→ Assignment: Return each entry word for word, without its pictures.

→ Image-backed grounding data:
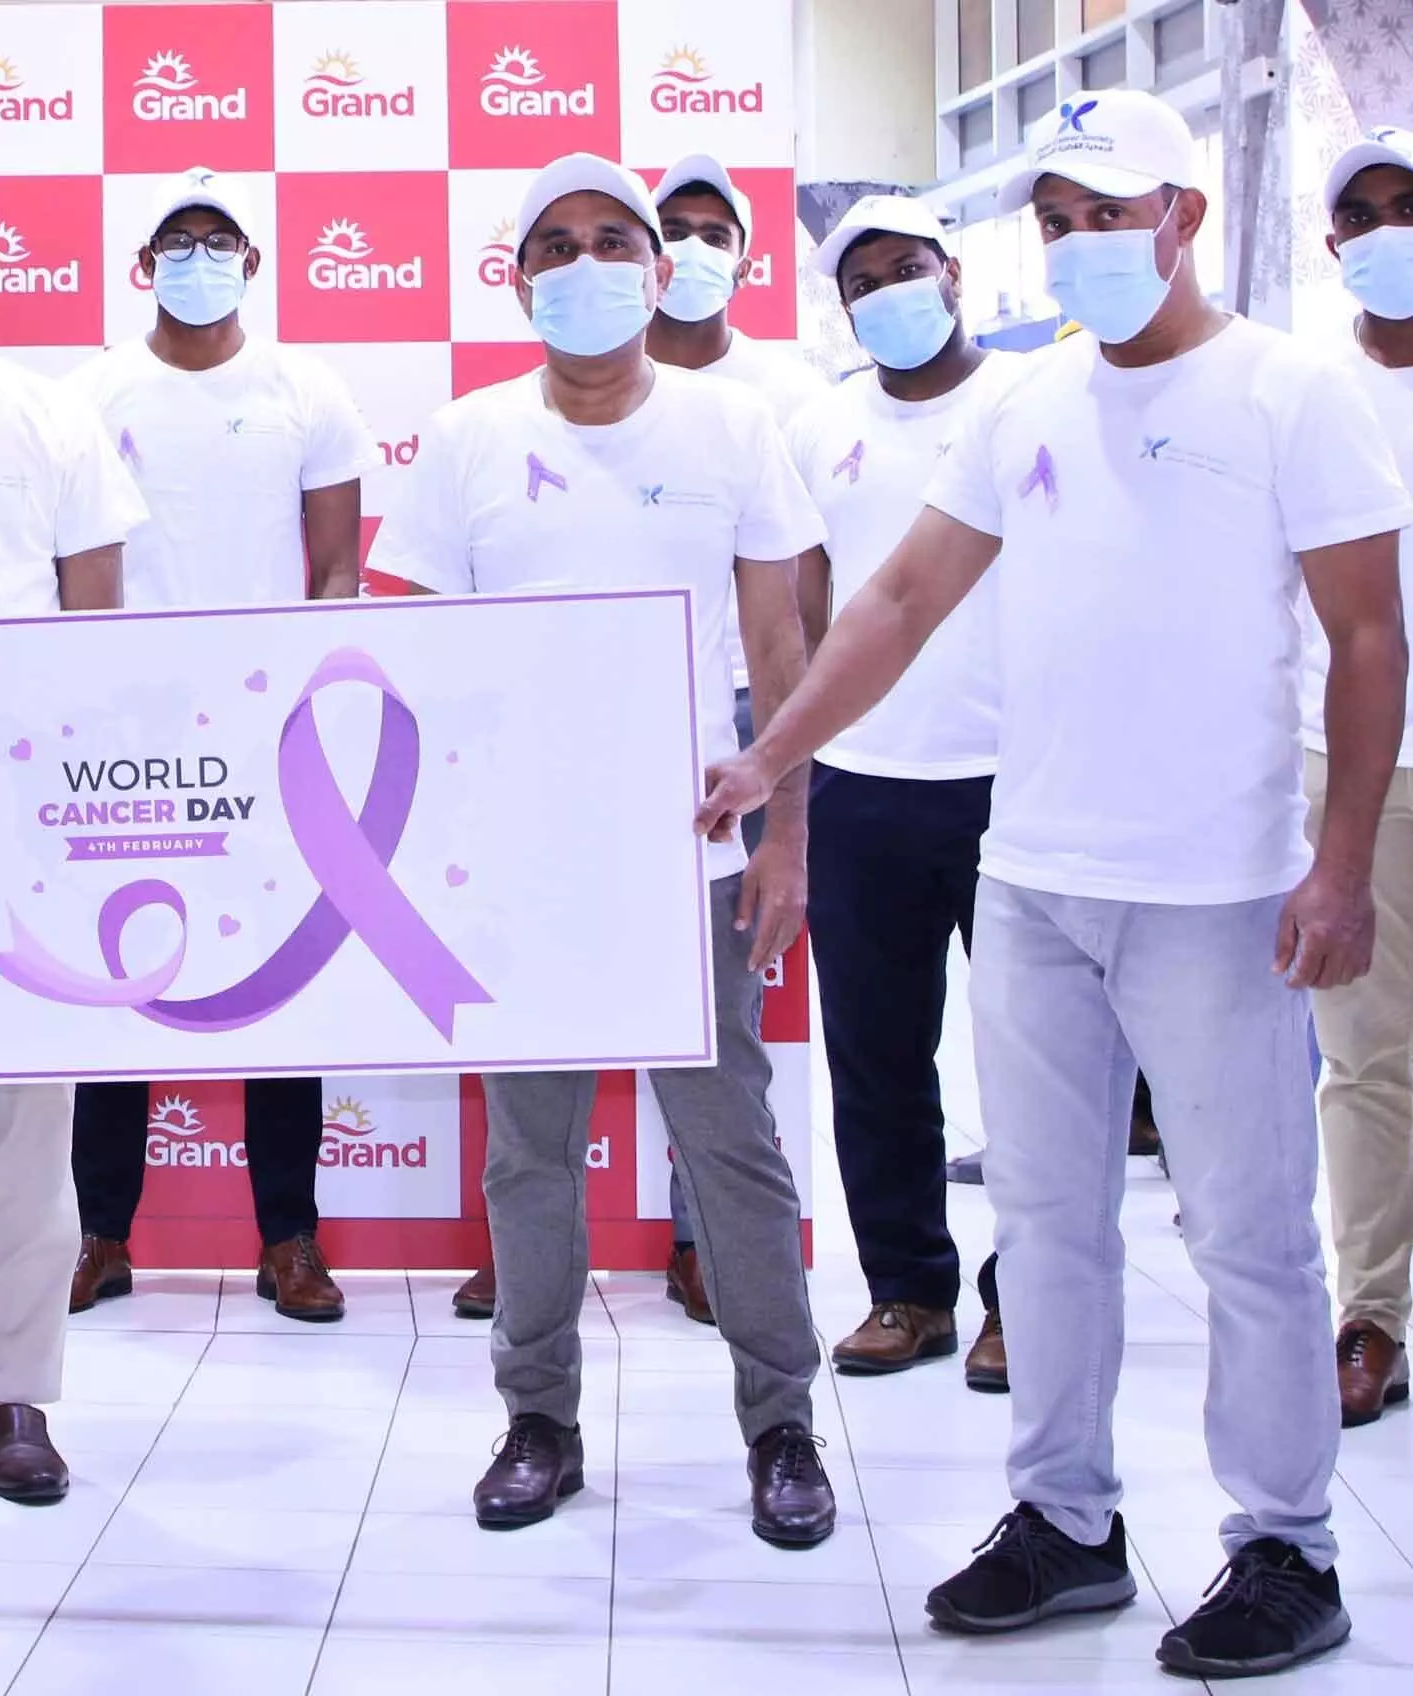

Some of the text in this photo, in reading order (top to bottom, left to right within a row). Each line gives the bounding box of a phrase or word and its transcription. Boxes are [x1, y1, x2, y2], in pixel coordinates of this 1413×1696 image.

[132, 88, 247, 121] Grand
[302, 86, 415, 118] Grand
[480, 84, 595, 116] Grand
[650, 82, 763, 114] Grand
[307, 256, 422, 290] Grand
[62, 756, 228, 792] WORLD
[38, 796, 255, 827] CANCER DAY
[87, 837, 204, 853] 4TH FEBRUARY
[317, 1135, 427, 1169] Grand

→ Solution for this task:
Some of the text in this photo, in reading order (top to bottom, left to right within a row). Each line gives the bounding box of a phrase or word and its transcription. Boxes are [x1, y1, x2, y2], in pixel coordinates of this 1413×1696 image.

[132, 88, 247, 121] Grand
[302, 86, 415, 118] Grand
[480, 84, 595, 116] Grand
[650, 82, 763, 114] Grand
[307, 256, 422, 290] Grand
[62, 756, 228, 792] WORLD
[38, 796, 255, 827] CANCER DAY
[87, 837, 204, 853] 4TH FEBRUARY
[317, 1135, 427, 1169] Grand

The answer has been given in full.